Living to Hurt
An assistant from Germany celebrated his last night at one of the houses in our community last night. One of the other assistants was amazed that while he had stayed for such a short period of time, the people in the community had become so attached to him. They had opened their hearts and let him into their lives in ways that left them very vulnerable. He marvelled at how someone had so quickly become a part of the community and attached to what is there.
It takes a different kind of person to live a life that is completely opening and welcoming. I will admit that I don't think I would be strong enough to do it. It's a different kind of living because while there is joy when you welcome someone, you also welcome them with the knowledge that they will leave. They may leave in a month, a summer, a year or in a few years. There are very few people who have become permanent fixtures in this community. Even among those who are long time assistants or administration, there is always movement and change.
We tend to not realize how closed off we are, or unwilling to get attached to a large number of people until we come in contact with those who love and welcome unconditionally, regardless of how much they may later hurt from those choices. Many of us limit how much we care. We don't want to care too much, or get too involved because we might get hurt when the person leaves us. Leaving is possible in so many ways and we are so aware of all of them. We don't want to get involved in case the choice of leaving is not left for us to do first. We hold back in case we don't get to be the ones to walk away.
The people I live with never get the chance to be the ones who walk away. I will return to London in September with the chance to live a student's life in a very different way than what I live in community.

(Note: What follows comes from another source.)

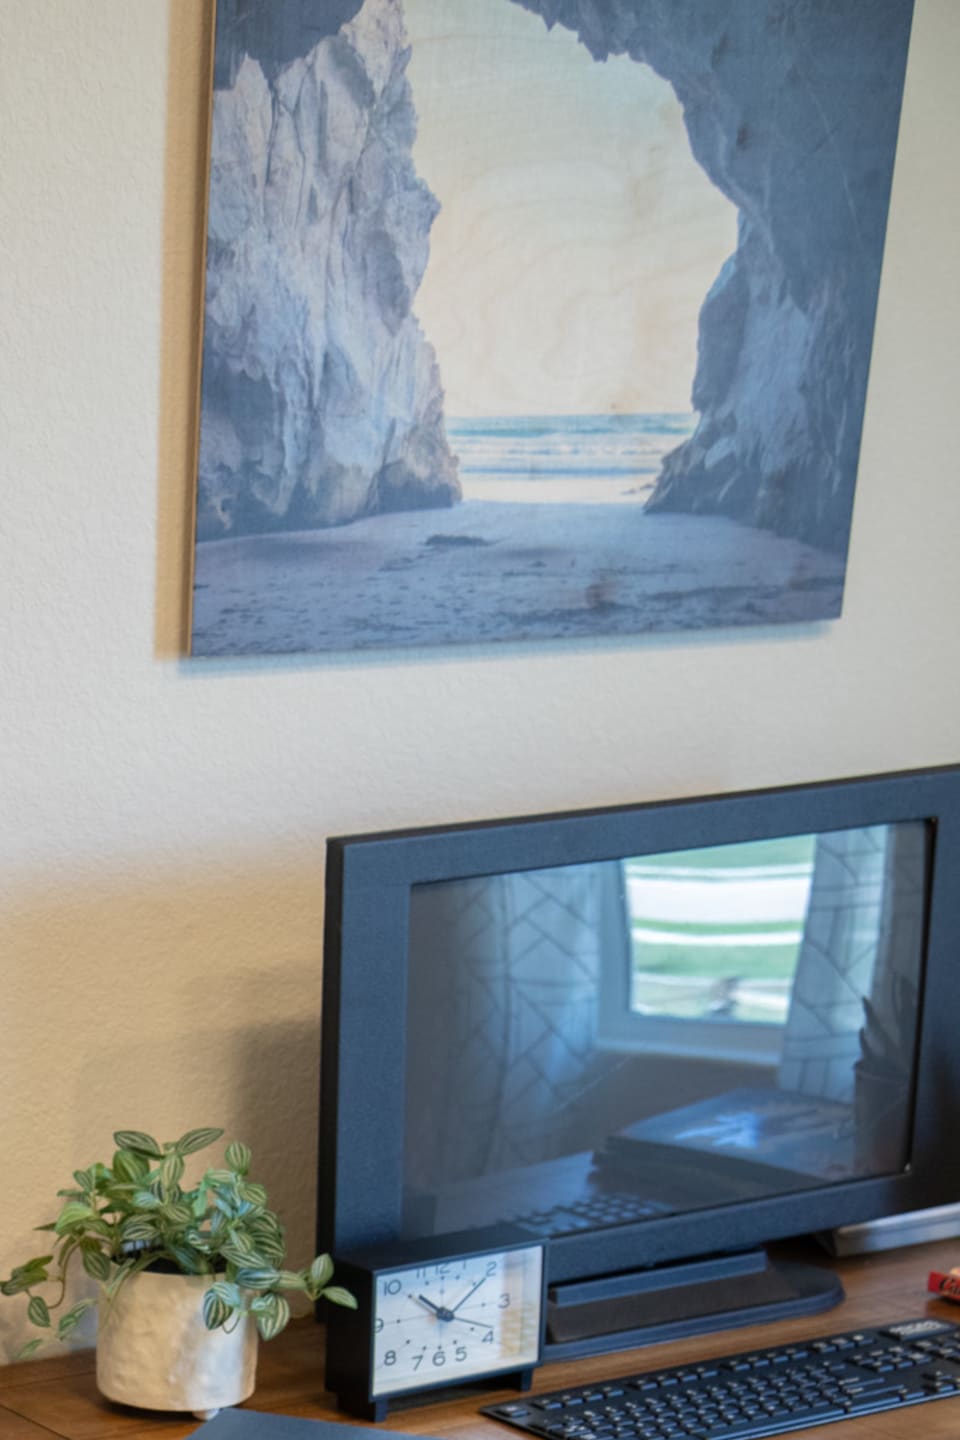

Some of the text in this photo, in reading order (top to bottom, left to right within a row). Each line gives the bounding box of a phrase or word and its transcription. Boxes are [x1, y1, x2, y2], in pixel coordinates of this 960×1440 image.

The people who make this place home though are still going to be here when I get back. They will watch me being torn between various places throughout the year until I have the chance to return and I'm sure it will hurt them as much as it will me. They will be here, living out their mission of welcome.
The only problem with having a mission of welcome is that there is a dark side to that. The mission of goodbye. When you are constantly welcoming, you are also saying goodbye on a regular basis. You say it so often, but it still hurts as though you were saying it for the first time.
Many of us ignore the mission of welcome. We hide behind the idea that our houses must match that of Martha Stewart before anyone can cross the threshold or that we simply don't have time for someone else's problems when we have so many of our own. We ignore it because we don't want to have to hurt. We don't want to have to say goodbye or let go. We cling to the comfortable things that we have thinking that they will never leave us and that will keep us safe. The scary thing is that they don't. When it comes to comfort and security, we can only have that when we push our boundaries and risk being hurt.
I live with people who live to be hurt. They have been hurt by those who do not take the time to understand them, to encourage them and to love them. They have been hurt by systems that are not designed for them. Somehow they still are able to love though. They welcome those who may have once ignored them or looked down upon them. They welcome them and they love them. When those they welcome leave, they will be hurt. But they never stop welcoming or loving those who come with a need for just those things.